Quant à « mesles », c’est un de ces substantifs courts que Nostradamus tire volontiers des infinitifs et préfère à des dérivés ou à des composés plus longs : « la pille » est chez lui « le pillage », le butin ; « le part », nous l’avons vu naguère, est « le départ ». « Mesle », valant « mélange » n’est autre d’ailleurs que le second élément de notre « pêle-mêle », qui se trouve aussi dans les Centuries (X 98 d : « pesle-mesle »). L’association du mot avec « lyp(h)res » est satisfaisante : quelle sera, à ce moment, la raison de l’affliction des Grecs de Chypre et, par ricochet, des Grecs de Grèce, sinon justement cette compénétration, cette cohabitation forcée avec l’envahisseur musulman, cette « mêlée » civile et militaire ? On pense cette fois au « quatrain de Nantes » (V 33 : « Cris, hurlements à Nantes piteux voir ! ») où les fameux mariages nantais du proconsul Carrier semblent évoqués au troisième vers : « Détranchés masles, infelice meslée. » Vous pouvez, si vous voulez, traduire directement ici « par les promiscuités et les événements affligeants », — ce qui ne change rien au sens ; mais je pense plutôt à un hendiadis juxtaposant la cause et l’effet au lieu de les construire en dépendance : « les suites affligeantes des promiscuités ». Reste la préposition « par » qui introduit « mesles et lyp(h)res ». Je la comprends « par la faute de, à l’occasion de » et aussi, temporellement, « à travers tout le temps de » (comme nous disons « par le temps qui court ») ; mais vous pouvez aussi la traduire en valeur d’instrumental, à condition de rapprocher le verbe « séduire » de son sens originel : « Le roi sera sé-duit, détourné d’une bonne politique, par les tristes événements de Chypre. » Je préfère pourtant mon sens et je crois lire en filigrane que, si le roi s’égare, c’est qu’il est « séduit » par les conseils de la reine, épouse ou mère, qui est mentionnée immédiatement après lui et que, justement, la voix publique traite de plus en plus mal.
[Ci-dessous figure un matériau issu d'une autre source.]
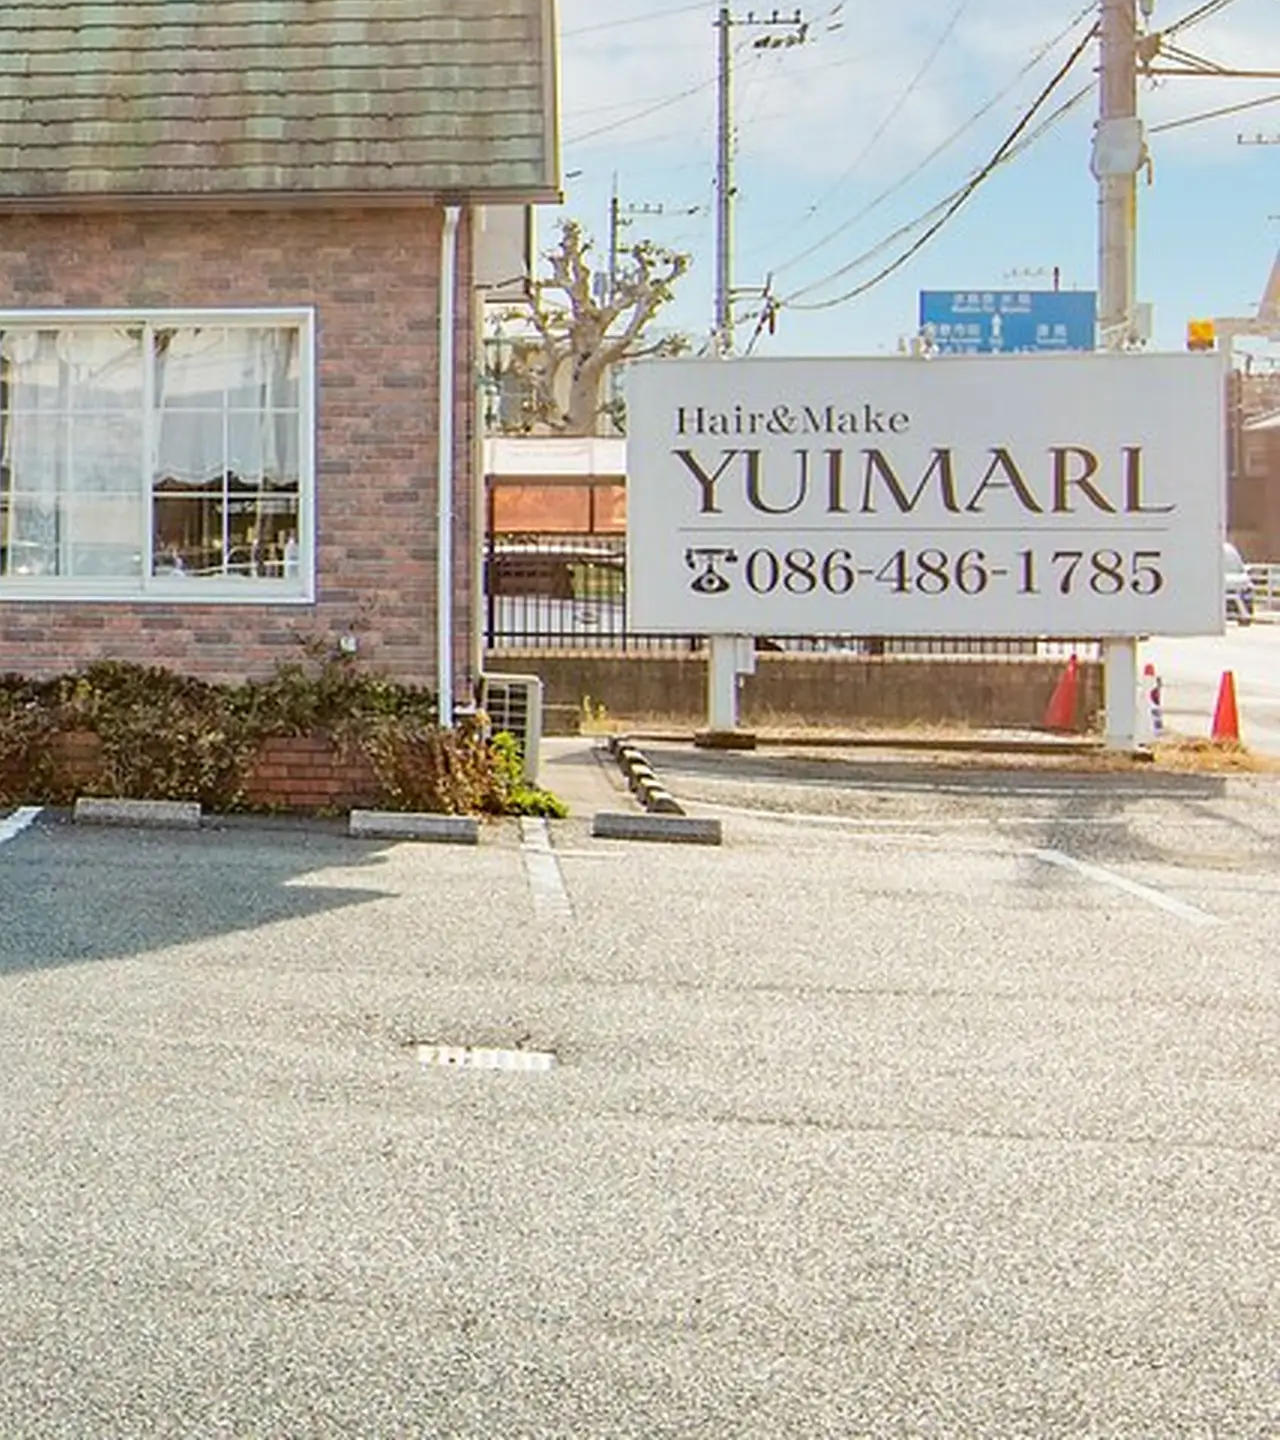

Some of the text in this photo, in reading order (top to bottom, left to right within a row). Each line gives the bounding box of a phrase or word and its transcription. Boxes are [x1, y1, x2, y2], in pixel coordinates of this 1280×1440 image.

[677, 403, 910, 436] Hair&Make
[670, 446, 1177, 515] YUIMARL
[744, 548, 1164, 596] 086-486-1785
Cela ne vaut certes pas la « séduction », non moins fatale au roi, dont parle un autre quatrain :
Luxe, ô salle d’ébène où, pour séduire un roi,
Se tordent dans leur mort des guirlandes funèbres,
Vous n’êtes qu’un orgueil menti par les ténèbres
Aux yeux du solitaire ébloui de sa foi…
Et pourtant « Vieux trucidés, mais, par mêles et lypres / séduit le Roi, Reine plus outragée », nos deux vers, avouez-le, ont belle allure.
— Nostradamus vous rappelle vraiment Mallarmé ?
— … Et Baudelaire. Écoutez :
Le corps sans âme plus n’être en sacrifice,
Jour de la mort mis en nativité :
L’esprit divin fera l’âme félice
Voyant le Verbe en son éternité.
La troisième semaine, M. de Momordy s’exécuta :
— Vous allez voir, dit-il, je ne suis tombé dans aucun de vos défauts. Mon quatrain est limpide, mon interprétation littérale, et ma matière historique.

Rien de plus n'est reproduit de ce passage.